>>>>>
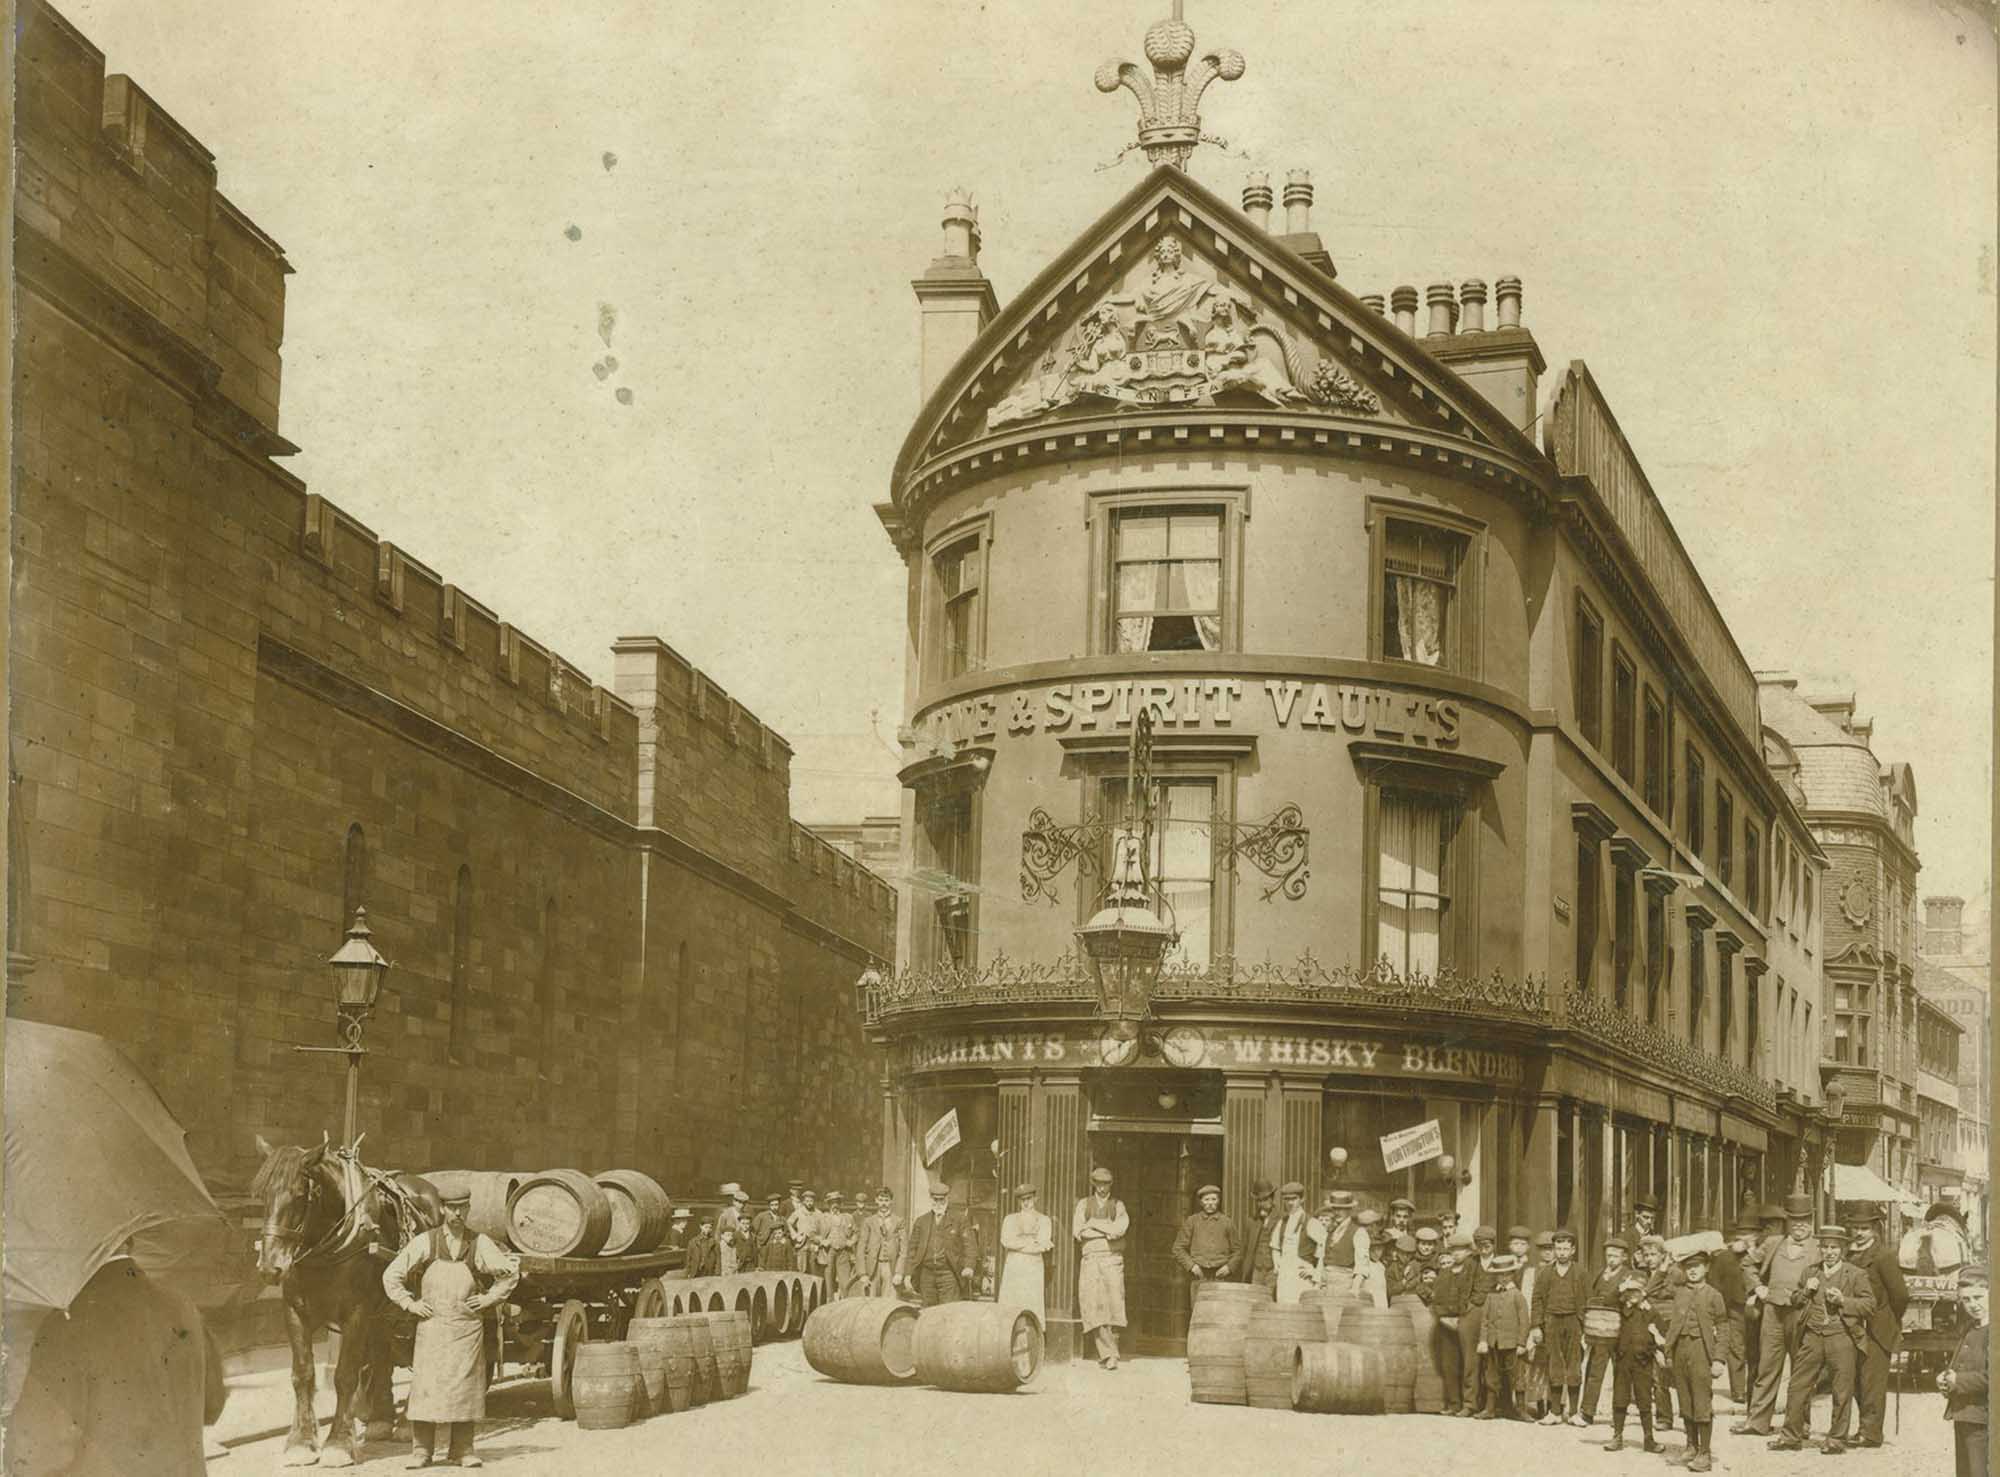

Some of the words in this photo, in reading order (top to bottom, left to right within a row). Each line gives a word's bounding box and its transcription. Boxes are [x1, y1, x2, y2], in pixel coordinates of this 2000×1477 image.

[1008, 689, 1036, 735] &
[1045, 679, 1241, 732] SPIRIT
[1264, 680, 1461, 746] VAULTS
[1230, 1034, 1383, 1069] WHISKY
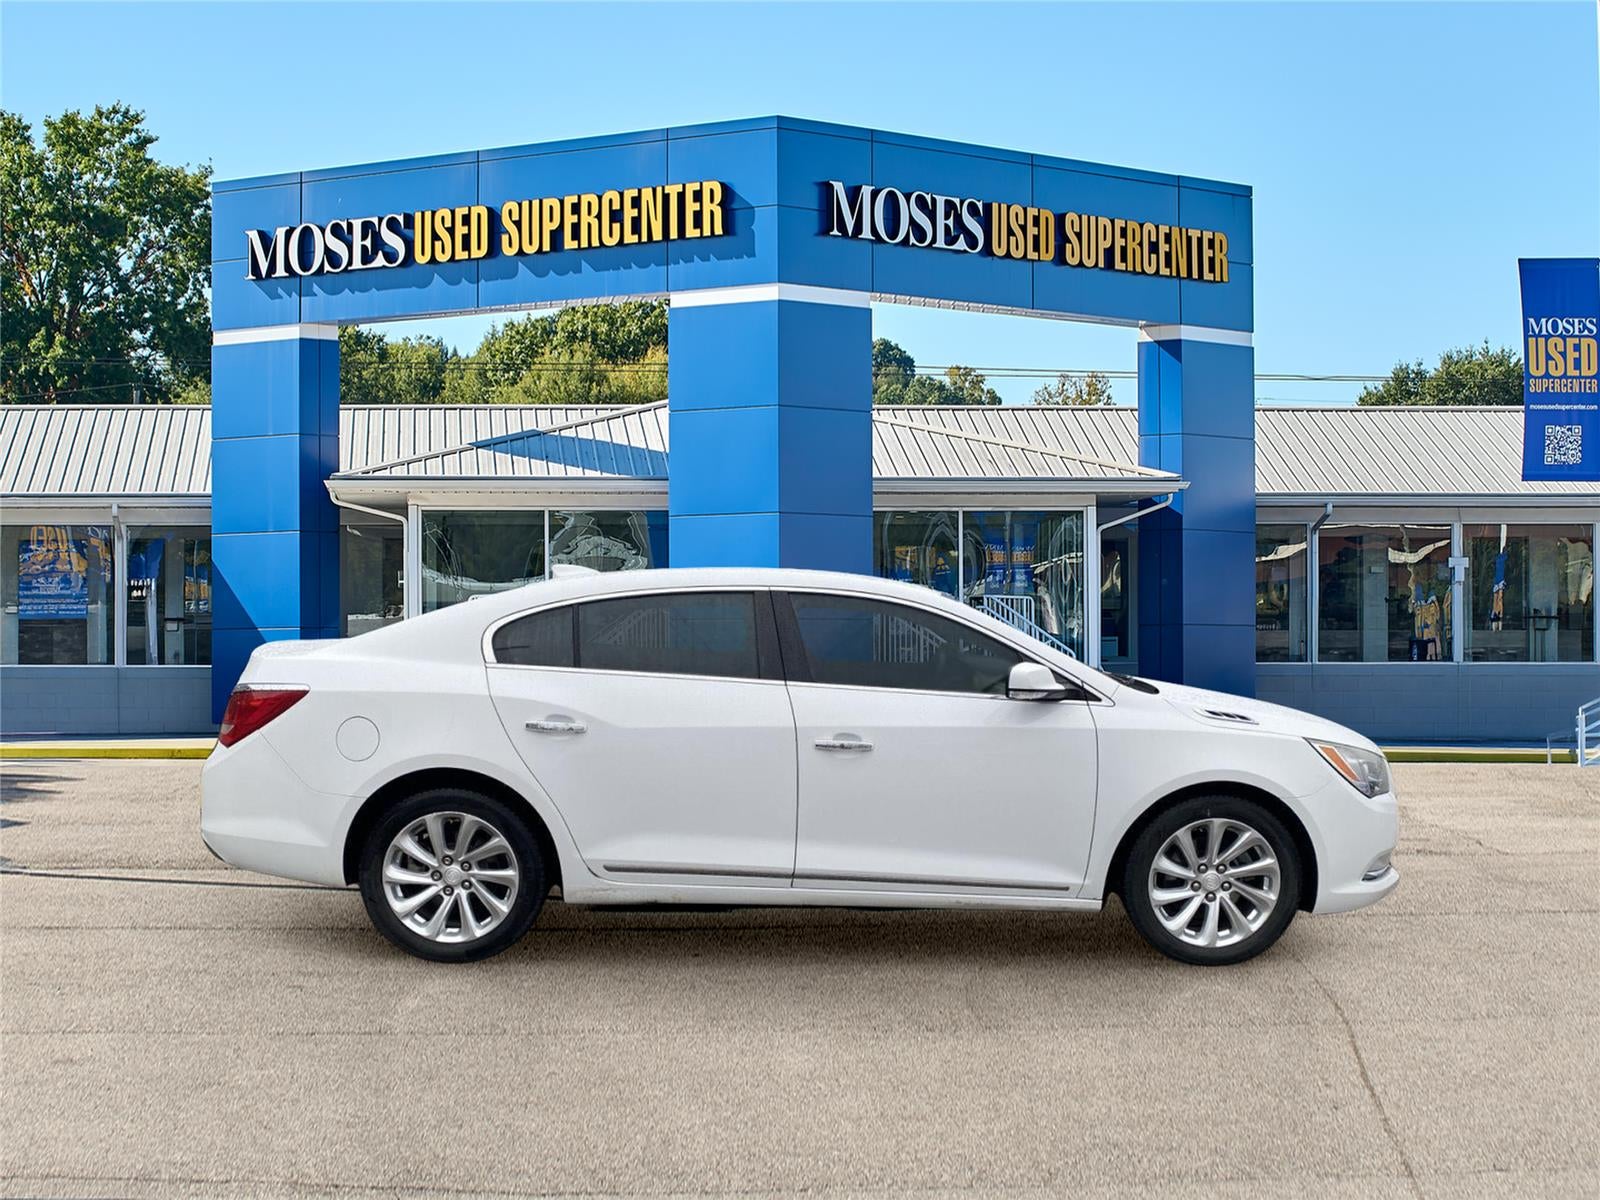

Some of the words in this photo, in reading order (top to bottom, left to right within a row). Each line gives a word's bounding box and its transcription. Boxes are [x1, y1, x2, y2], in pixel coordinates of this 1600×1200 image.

[245, 213, 408, 281] MOSES
[413, 206, 489, 265] USED
[500, 180, 725, 256] SUPERCENTER
[829, 181, 985, 254] MOSES
[990, 202, 1055, 261] USED
[1064, 212, 1229, 283] SUPERCENTER
[1527, 317, 1597, 336] MOSES
[1528, 338, 1598, 377] USED
[1529, 379, 1598, 393] SUPERCENTER
[1529, 403, 1598, 412] mosesusedsupercenter.com
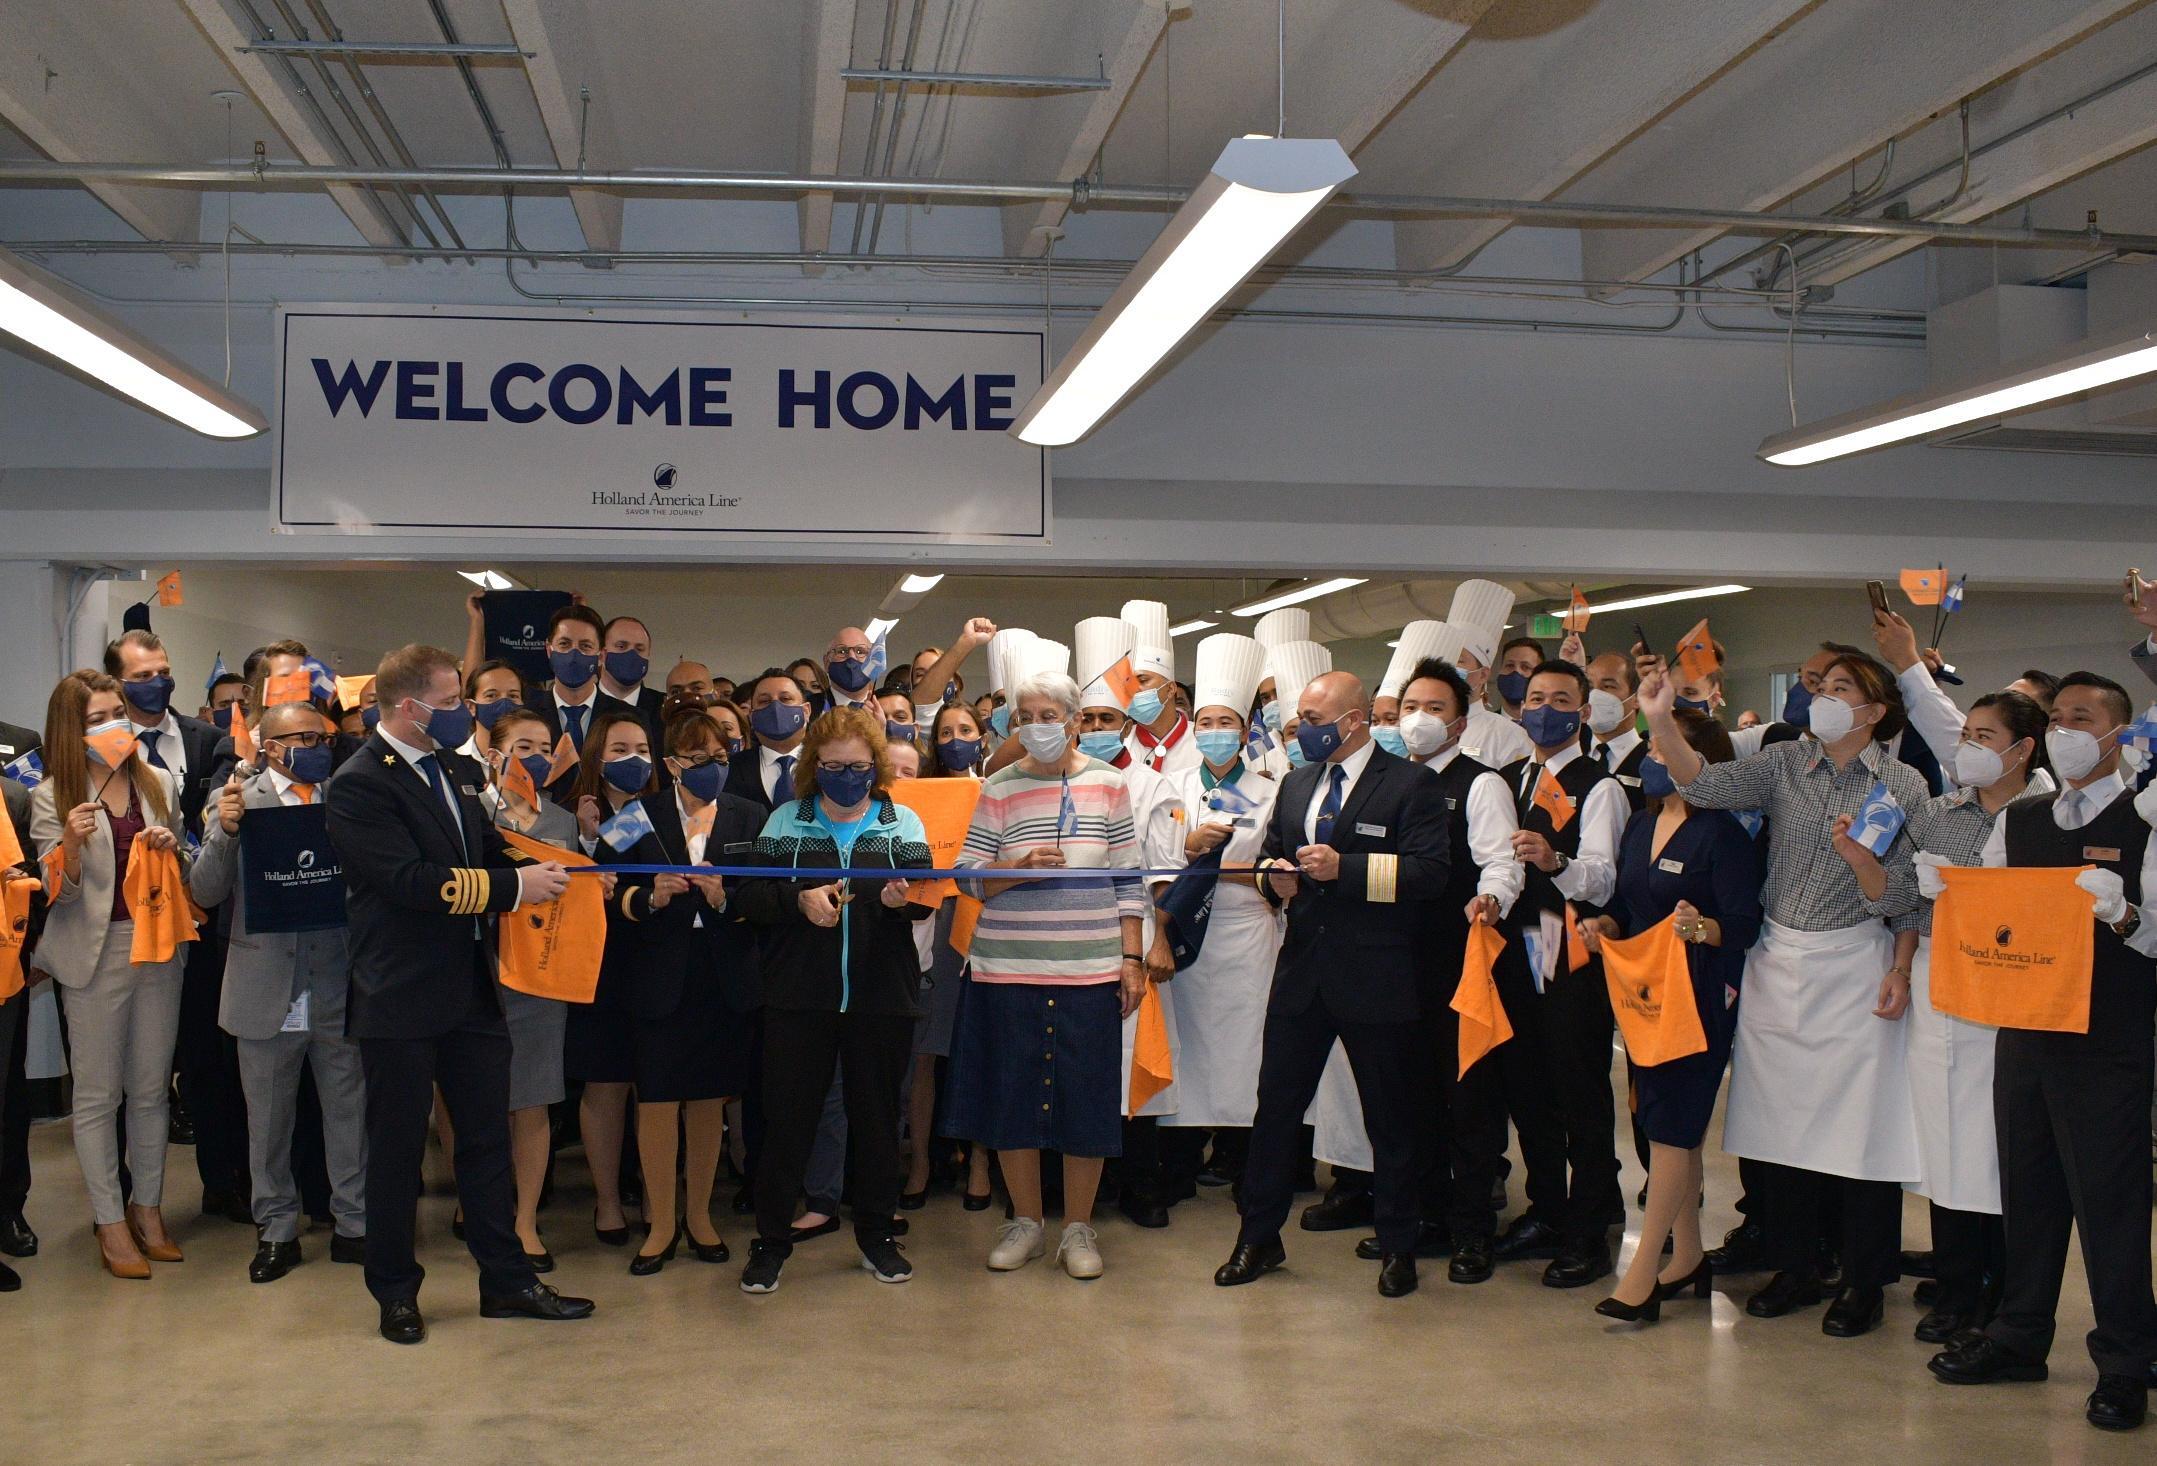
<<<<<
- Work request -
Take the preceding listing and transcribe it exactly, skipping the pictures.

- Exercise result -
Some of the words in this photo, in reading order (top to bottom, left to right within a row). Each line gives a word's bounding box and its transcription. Boxes are [x1, y1, x2, y2], in pixel coordinates of this 2000×1477 image.

[1008, 689, 1036, 735] &
[1045, 679, 1241, 732] SPIRIT
[1264, 680, 1461, 746] VAULTS
[1230, 1034, 1383, 1069] WHISKY

Some of the words in this photo, in reading order (top to bottom, left to right within a row). Each line gives a word's bounding box and its transcription. Boxes are [x1, y1, x2, y2], in pixel coordinates of this 1600×1200 image.

[245, 213, 408, 281] MOSES
[413, 206, 489, 265] USED
[500, 180, 725, 256] SUPERCENTER
[829, 181, 985, 254] MOSES
[990, 202, 1055, 261] USED
[1064, 212, 1229, 283] SUPERCENTER
[1527, 317, 1597, 336] MOSES
[1528, 338, 1598, 377] USED
[1529, 379, 1598, 393] SUPERCENTER
[1529, 403, 1598, 412] mosesusedsupercenter.com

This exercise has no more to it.